July 20, 2021
I’m up to my eyeballs here in tombstones—physical, literal, metaphorical, allegorical, you name it. Last night I watched “Five Guns to Tombstone” on this cowboy movie channel I’m a little hooked on. It was a C minus in acting but a solid B in plot. After that I couldn’t stick with, “The Toughest Gun in Tombstone”. It was taking its time to get up to speed. I turned it off after 15 minutes and went to bed.
Still, I wake up with tombstones. I have my mom’s here in the garage at my Aunt Linda’s. More accurately, it is a memorial stone.

It’s my job to find something to do with it since it’s been displaced from the river house my Uncle John sold. I’ve put it upon myself to see if my mom’s partner of 14 years has a marker that I might be able to place it beside. I’ve left a message at the girl’s camp where Marrietta had connections stretching over 60 years, but my guess is there isn’t one. Granite markers are expensive and it’s usually only family that bothers with them. I’m not sure she had any family she was close too.
When I was in Winchester I washed my Grandma and Grandpa’s grave. After scrubbing away the first day I came back later and used a product called Wet and Forget which, supposedly, over time, eats away any moss and lichen and keeps the marker clean for a year or two. It takes it a while to do it’s job which is why my grandparents markers don’t look so clean.

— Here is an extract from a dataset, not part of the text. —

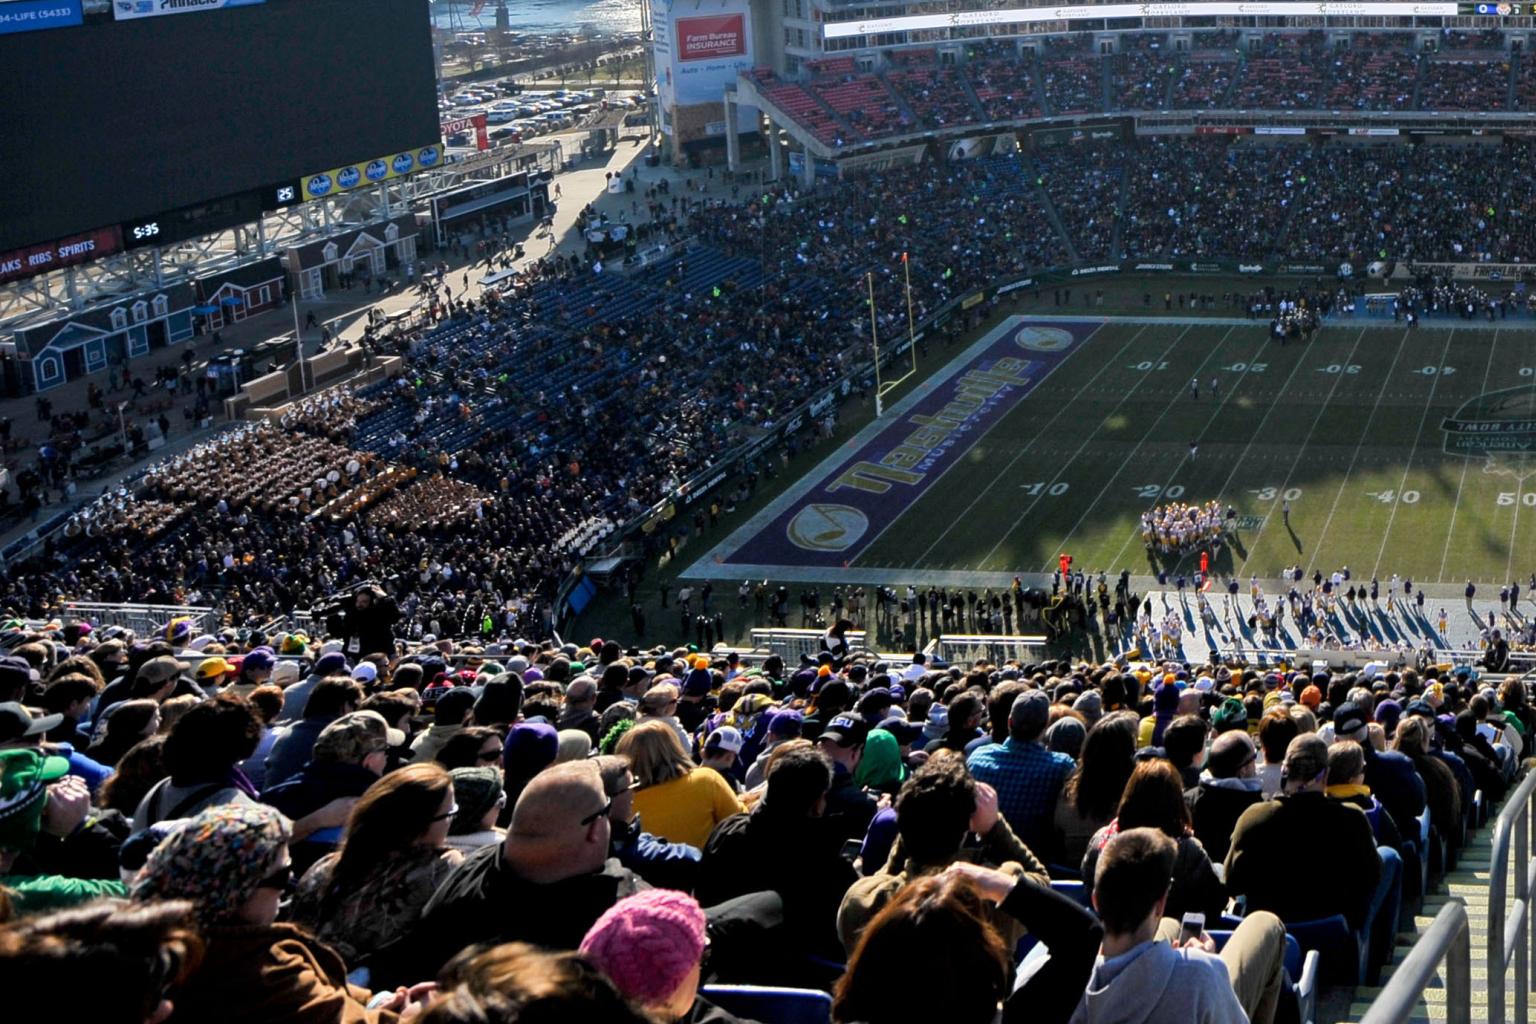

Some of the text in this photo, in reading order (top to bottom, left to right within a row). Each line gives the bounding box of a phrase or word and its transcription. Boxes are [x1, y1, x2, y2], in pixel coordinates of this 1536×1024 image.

“I thought you would like moss and lichen,” Jillian said over the phone.
“I do, but I guess the point of a marker is for people to be able to read it,” I answered.
I was still of the mind set my cousin Chuck left me with at the Cracker Barrel when he told me that markers were useful for genealogist.
Jillian was right about my aesthetic though. I much prefer the natural look. Here are a few favorite markers I found walking through the University cemetery at Sewanee.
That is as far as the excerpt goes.